# Your instructions:
Each entry below is to be reproduced exactly, though any pictures it holds must be omitted.

# Task inputs:
###

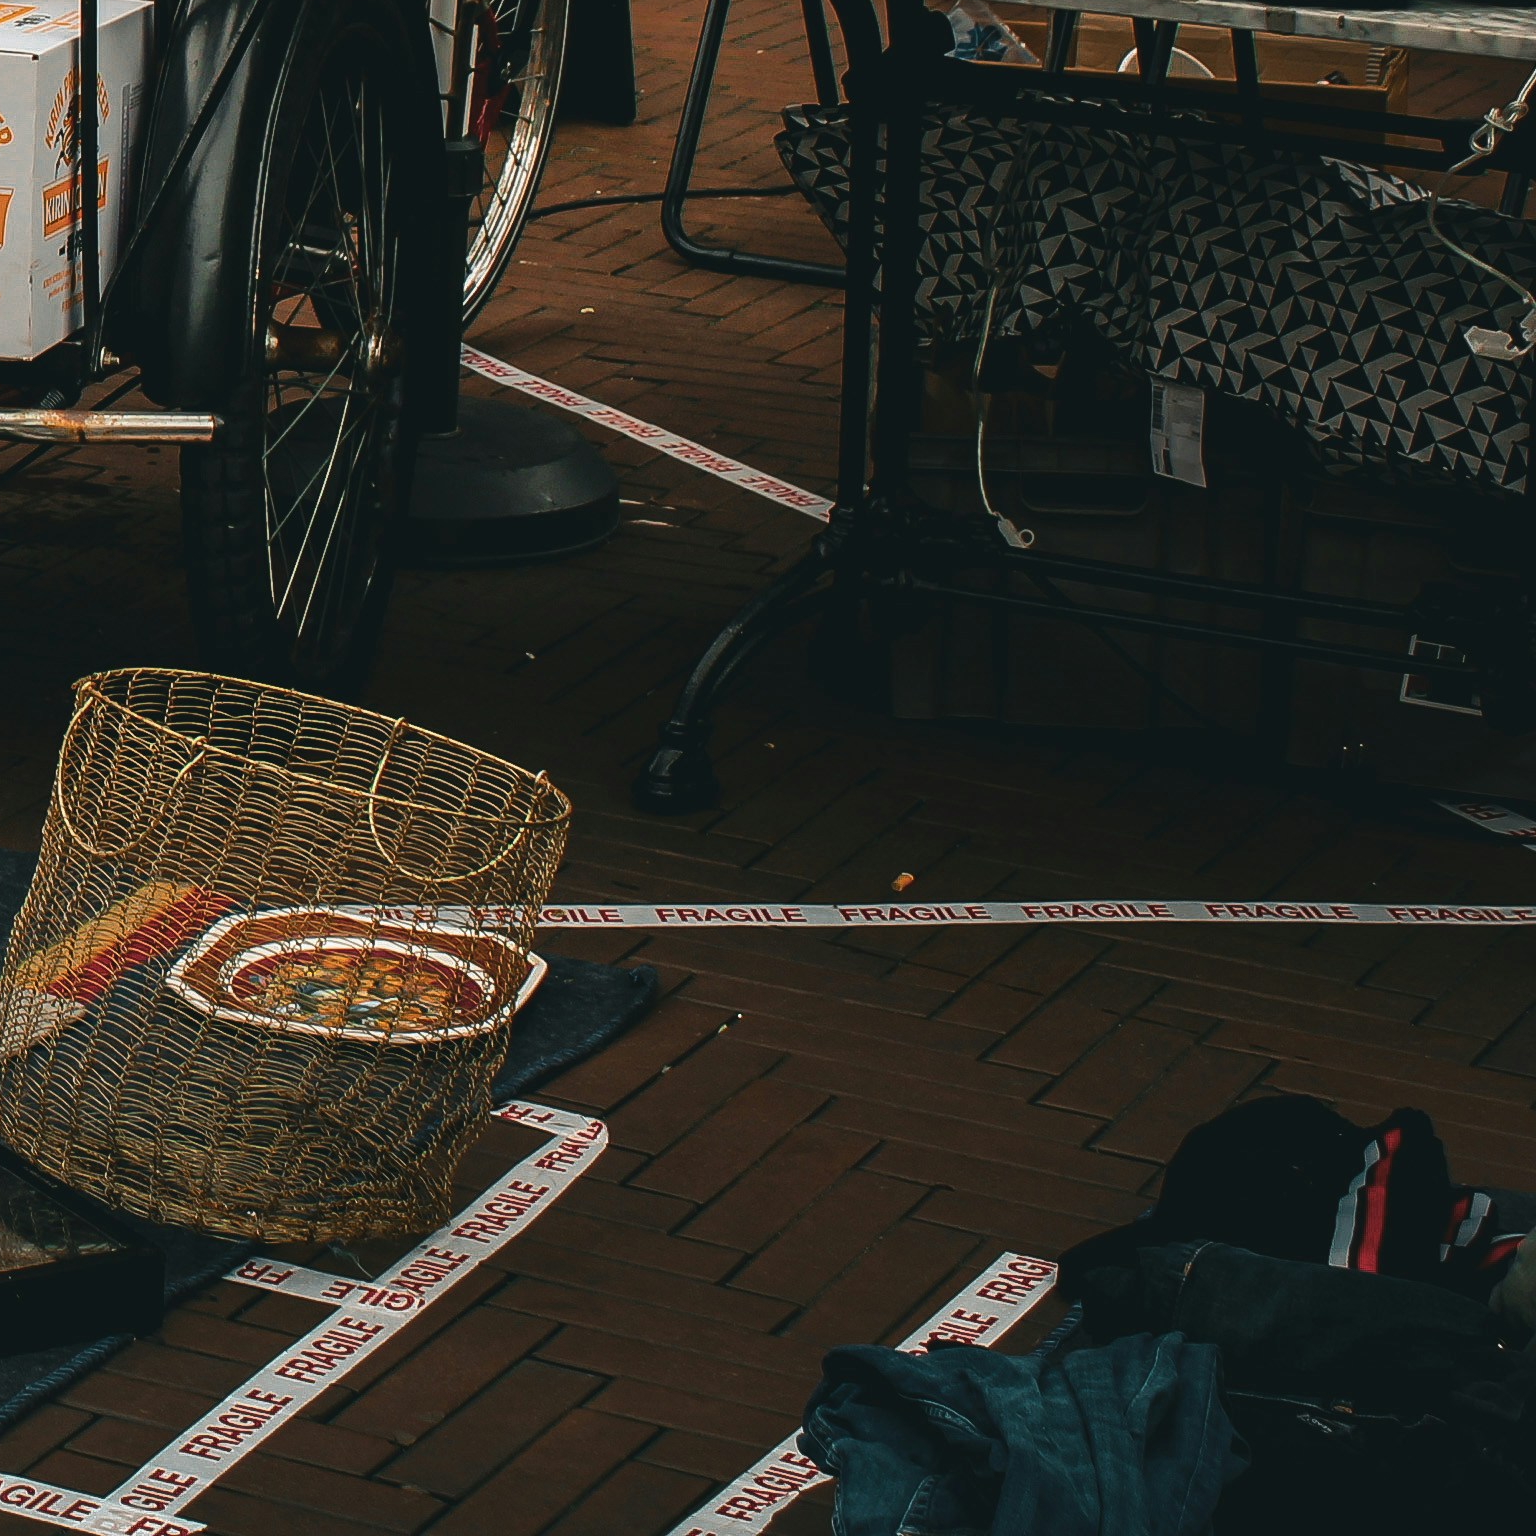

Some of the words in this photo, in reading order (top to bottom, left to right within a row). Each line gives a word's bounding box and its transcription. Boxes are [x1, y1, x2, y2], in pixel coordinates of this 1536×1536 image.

[45, 195, 70, 226] KIRIN
[660, 441, 743, 473] FRAGILE
[739, 475, 827, 507] FRAGILE
[654, 907, 809, 924] FRAGILE
[837, 905, 993, 923] FRAGILE
[1020, 903, 1176, 920] FRAGILE
[1204, 903, 1359, 920] FRAGILE
[179, 1388, 294, 1461] FRAGILE
[274, 1316, 385, 1384] FRAGILE
[450, 1179, 550, 1244] FRAGILE

###

# Written answer:
Some of the words in this photo, in reading order (top to bottom, left to right within a row). Each line gives a word's bounding box and its transcription. Boxes are [x1, y1, x2, y2], in pixel coordinates of this 1536×1536 image.

[45, 195, 70, 226] KIRIN
[660, 441, 743, 473] FRAGILE
[739, 475, 827, 507] FRAGILE
[654, 907, 809, 924] FRAGILE
[837, 905, 993, 923] FRAGILE
[1020, 903, 1176, 920] FRAGILE
[1204, 903, 1359, 920] FRAGILE
[179, 1388, 294, 1461] FRAGILE
[274, 1316, 385, 1384] FRAGILE
[450, 1179, 550, 1244] FRAGILE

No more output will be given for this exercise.